[[ Data provided open ]]

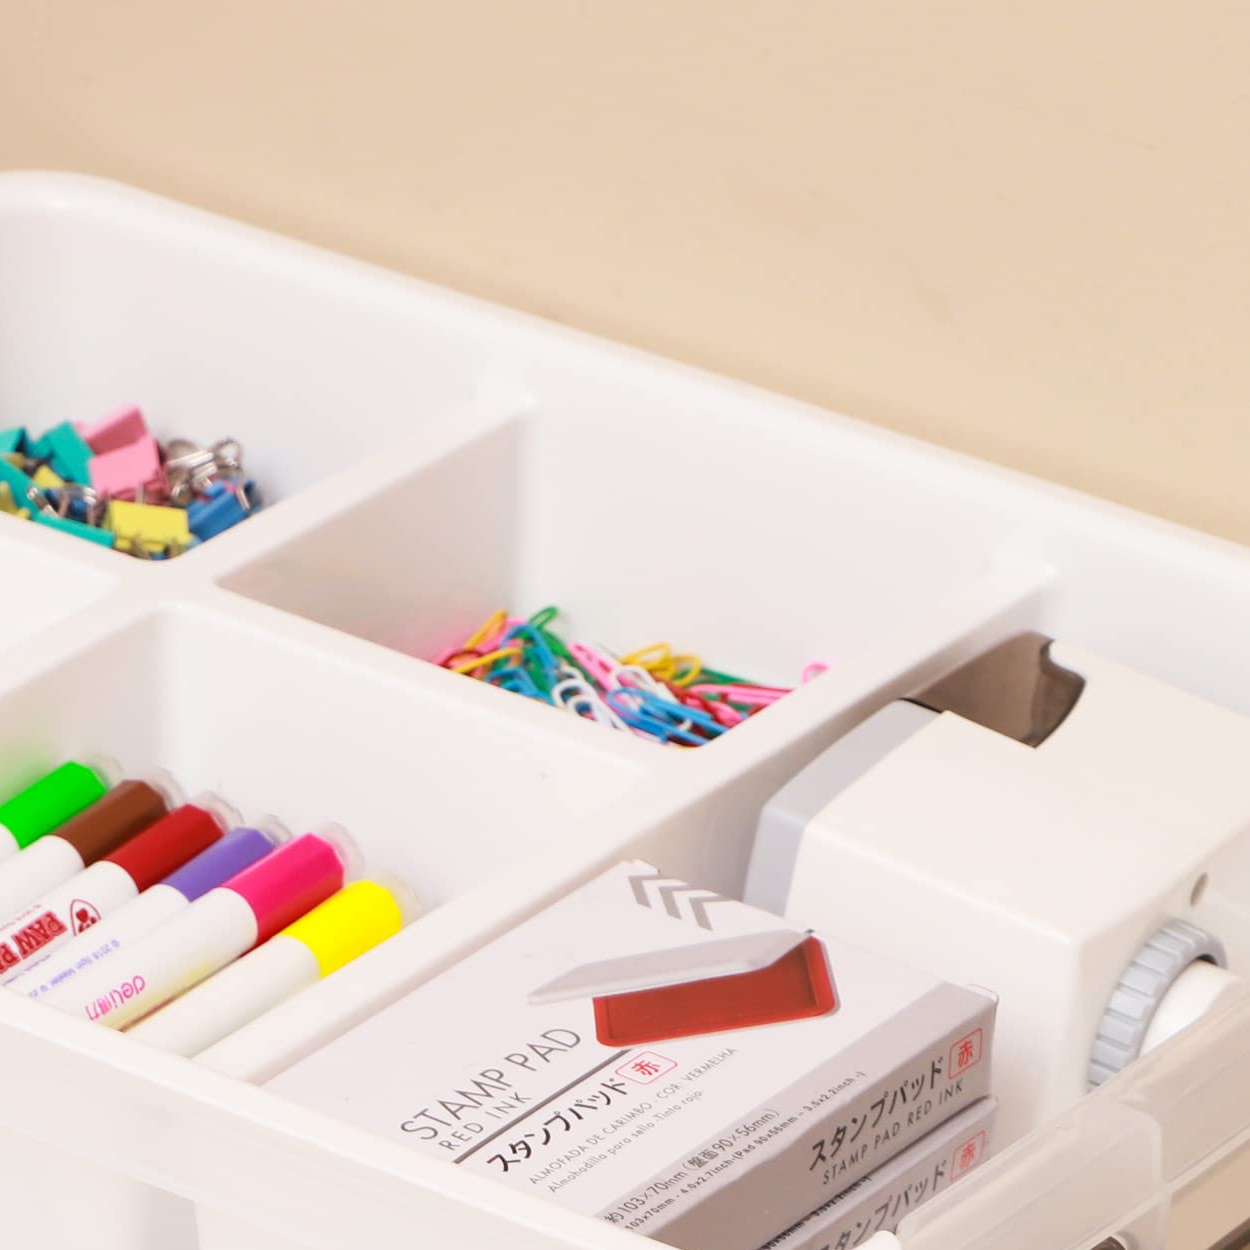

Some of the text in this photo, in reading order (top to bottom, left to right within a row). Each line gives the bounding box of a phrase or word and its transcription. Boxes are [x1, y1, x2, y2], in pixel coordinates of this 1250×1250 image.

[11, 909, 69, 960] PAW
[400, 1028, 582, 1140] STAMP PAD
[438, 1091, 533, 1151] RED INK
[486, 1060, 661, 1172] スタンプパッド 赤
[529, 1145, 589, 1184] ALMOFADA
[586, 1133, 605, 1145] DE
[602, 1102, 652, 1135] CARIMBO
[681, 1047, 738, 1082] VERMELHA
[809, 1039, 974, 1171] スタンプパッド 赤
[822, 1078, 964, 1185] STAMP PAD RED INK
[549, 1153, 607, 1192] Almohadilla
[607, 1137, 632, 1156] para
[631, 1121, 655, 1138] sello
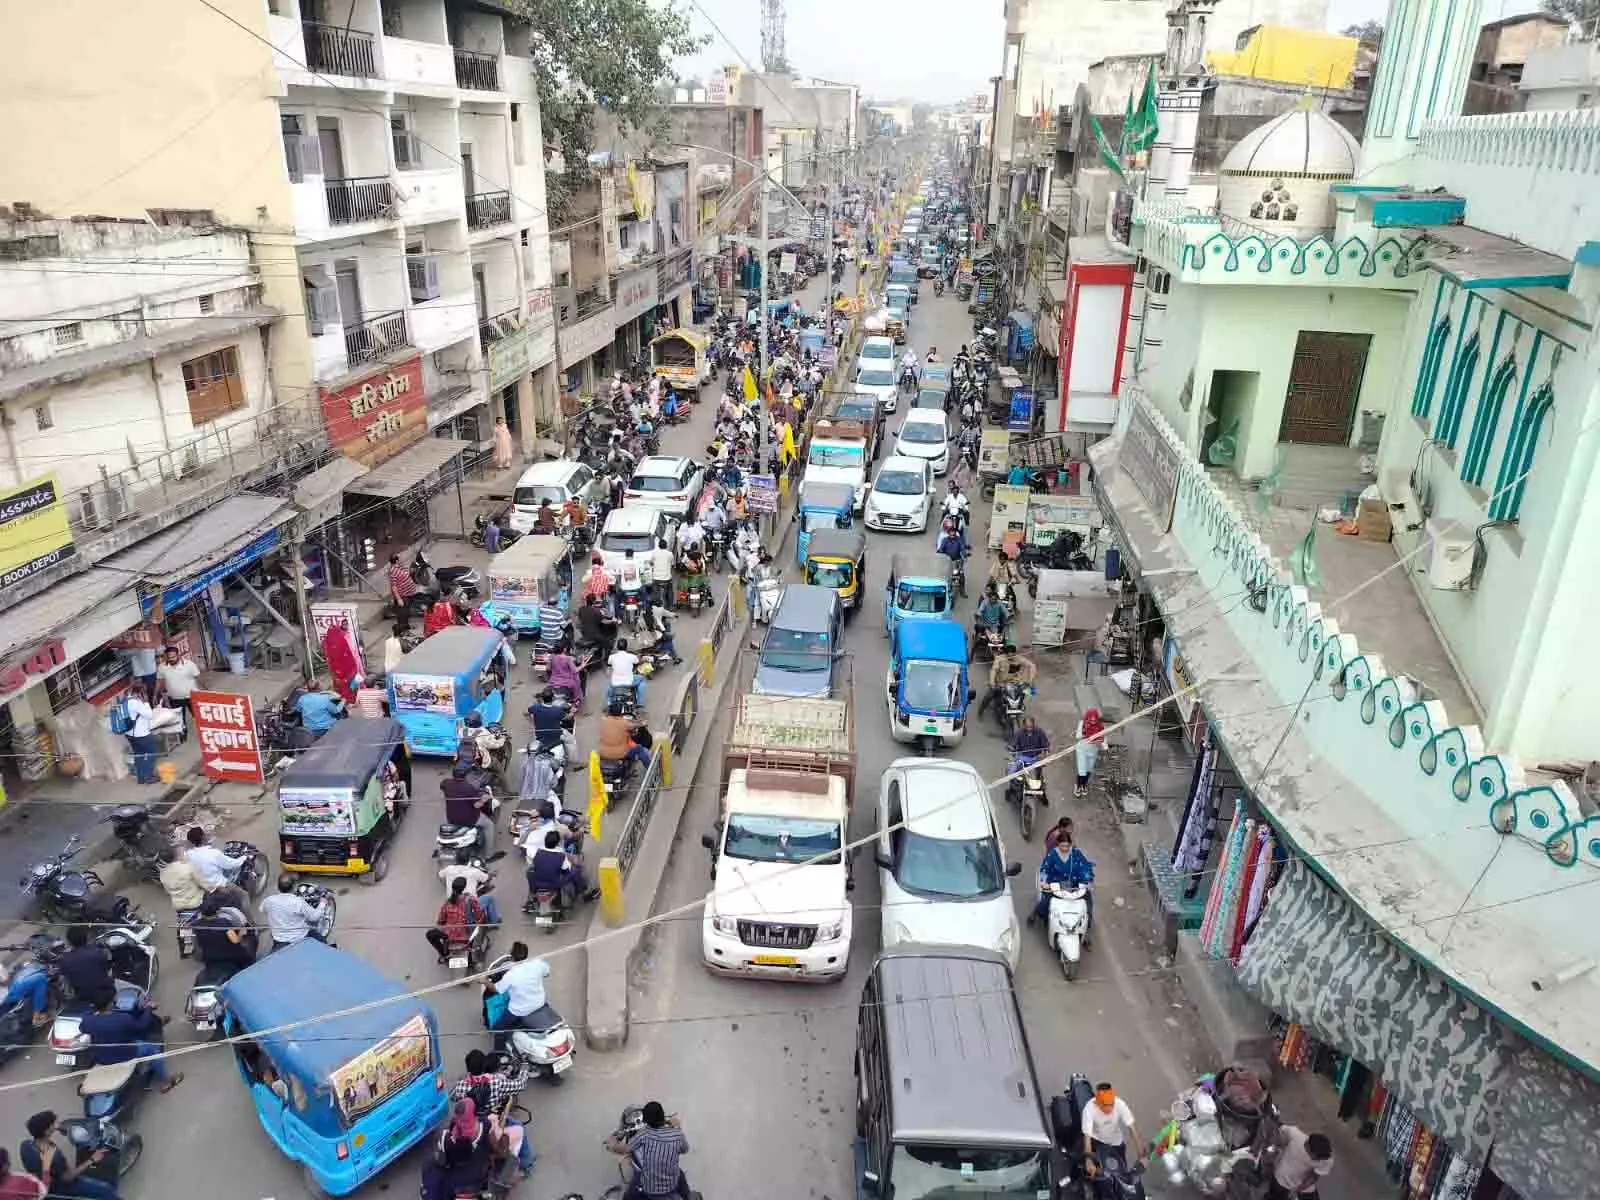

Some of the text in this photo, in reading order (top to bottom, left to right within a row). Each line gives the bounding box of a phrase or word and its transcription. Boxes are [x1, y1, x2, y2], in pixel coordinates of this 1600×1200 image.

[4, 566, 31, 584] BOOK
[32, 551, 60, 570] DEPOT
[197, 698, 246, 727] दवाई
[200, 727, 254, 753] दुकान
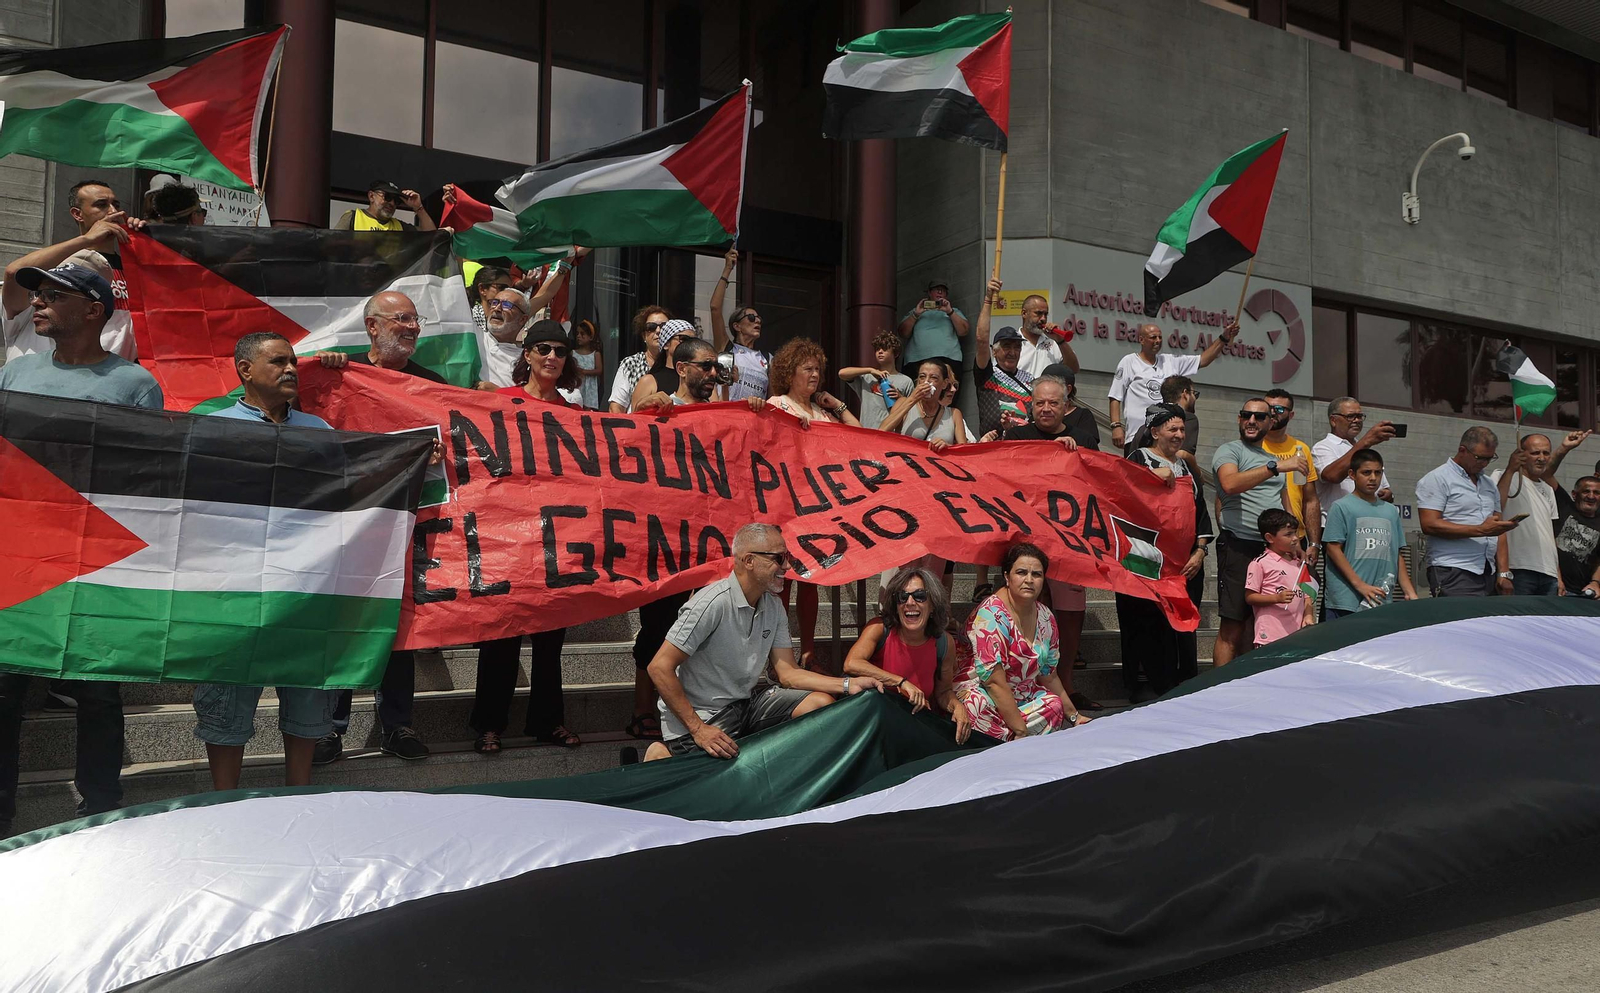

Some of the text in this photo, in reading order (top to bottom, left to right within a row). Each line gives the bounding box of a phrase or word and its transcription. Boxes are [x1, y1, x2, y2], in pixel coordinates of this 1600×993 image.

[1063, 283, 1236, 328] Autorida Portuaria
[1063, 314, 1086, 335] de
[1093, 317, 1109, 338] la
[1168, 329, 1189, 349] de
[1194, 333, 1265, 360] Aleciras
[750, 449, 976, 517] PUERTO
[413, 512, 511, 605] EL
[933, 490, 1032, 535] EN
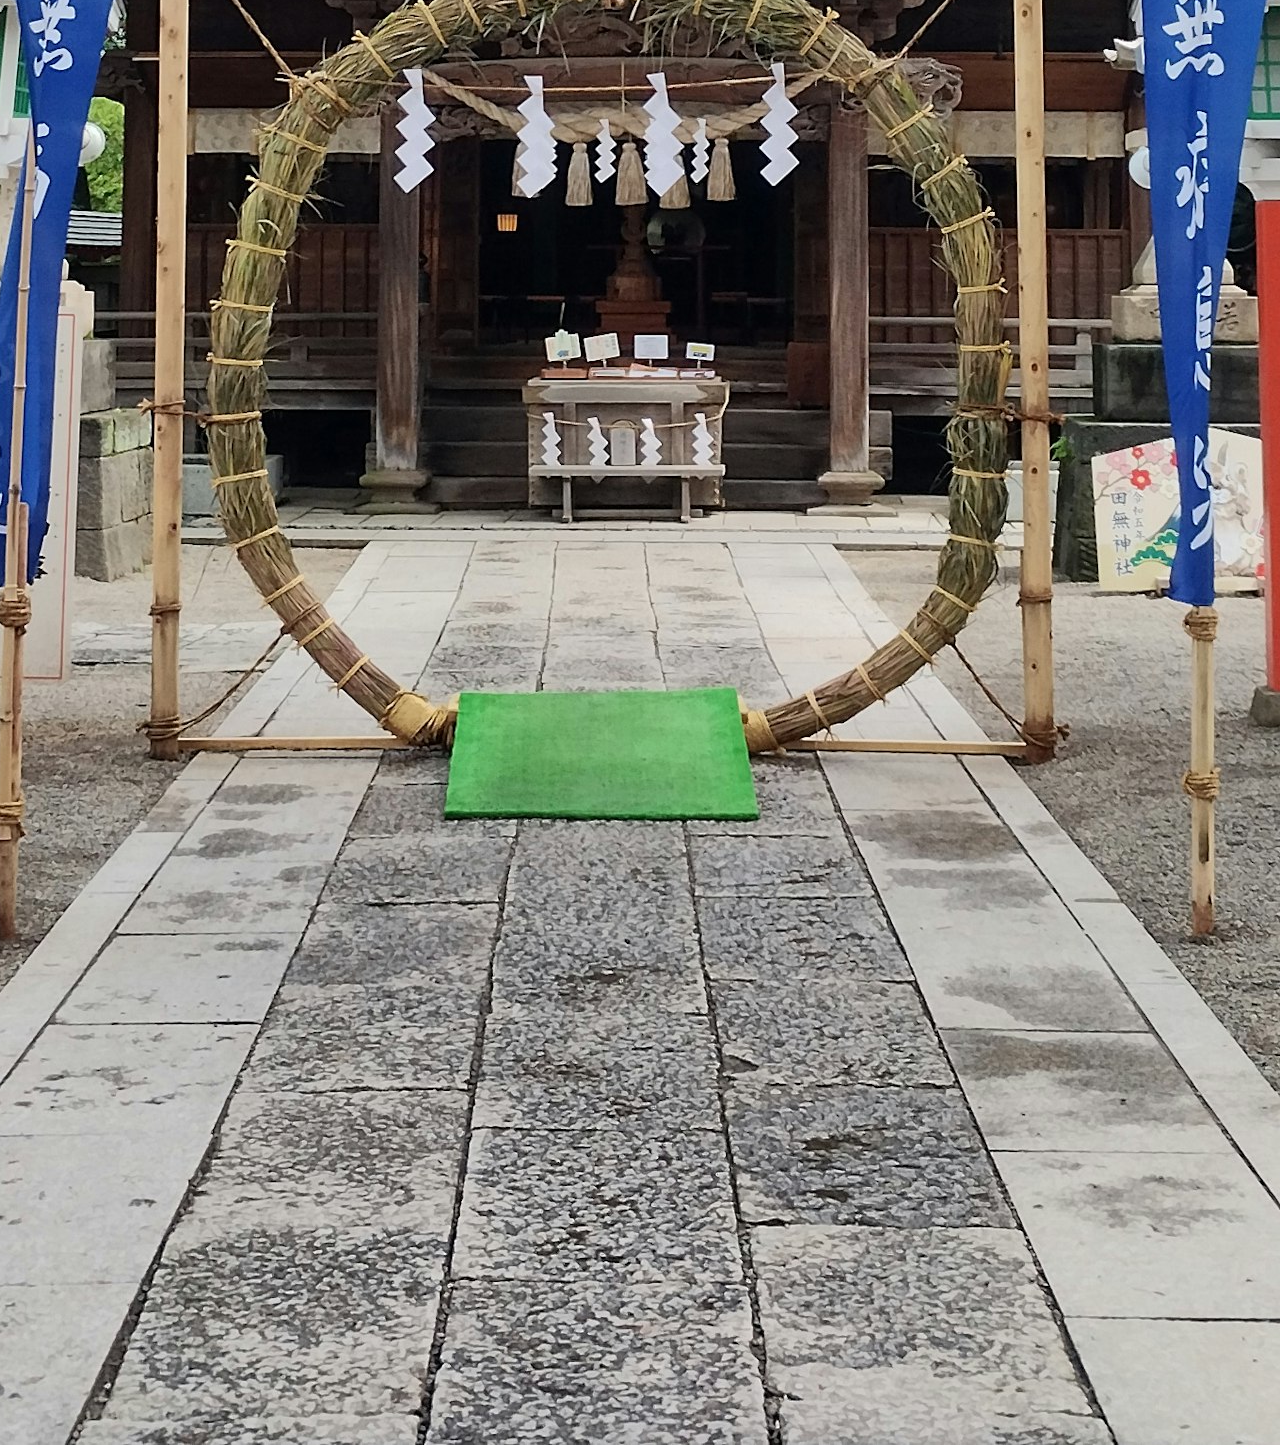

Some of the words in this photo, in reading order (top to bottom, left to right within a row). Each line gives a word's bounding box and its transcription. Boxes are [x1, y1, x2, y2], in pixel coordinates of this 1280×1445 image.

[[ Data provided closed ]]

Try it | Repeat the listing exactly, minus its pictures.

Exercise result |
Some of the text in this photo, in reading order (top to bottom, left to right within a row). Each line gives the bounding box of a phrase or word and its transcription. Boxes are [x1, y1, x2, y2], in pixel coordinates of this 1250×1250 image.

[11, 909, 69, 960] PAW
[400, 1028, 582, 1140] STAMP PAD
[438, 1091, 533, 1151] RED INK
[486, 1060, 661, 1172] スタンプパッド 赤
[529, 1145, 589, 1184] ALMOFADA
[586, 1133, 605, 1145] DE
[602, 1102, 652, 1135] CARIMBO
[681, 1047, 738, 1082] VERMELHA
[809, 1039, 974, 1171] スタンプパッド 赤
[822, 1078, 964, 1185] STAMP PAD RED INK
[549, 1153, 607, 1192] Almohadilla
[607, 1137, 632, 1156] para
[631, 1121, 655, 1138] sello

Some of the text in this photo, in reading order (top to bottom, left to right within a row). Each line gives the bounding box of a phrase or word and its transcription. Boxes are [x1, y1, x2, y2], in pixel coordinates of this 1600×1200 image.

[4, 566, 31, 584] BOOK
[32, 551, 60, 570] DEPOT
[197, 698, 246, 727] दवाई
[200, 727, 254, 753] दुकान

Some of the text in this photo, in reading order (top to bottom, left to right within a row). Each line gives the bounding box of a phrase or word and its transcription. Boxes are [x1, y1, x2, y2], in pixel coordinates of this 1600×993 image.

[1063, 283, 1236, 328] Autorida Portuaria
[1063, 314, 1086, 335] de
[1093, 317, 1109, 338] la
[1168, 329, 1189, 349] de
[1194, 333, 1265, 360] Aleciras
[750, 449, 976, 517] PUERTO
[413, 512, 511, 605] EL
[933, 490, 1032, 535] EN

Some of the words in this photo, in reading order (top to bottom, left to right within a row). Each line gives a word's bounding box and its transcription. Boxes are [x1, y1, x2, y2], in pixel coordinates of this 1280×1445 image.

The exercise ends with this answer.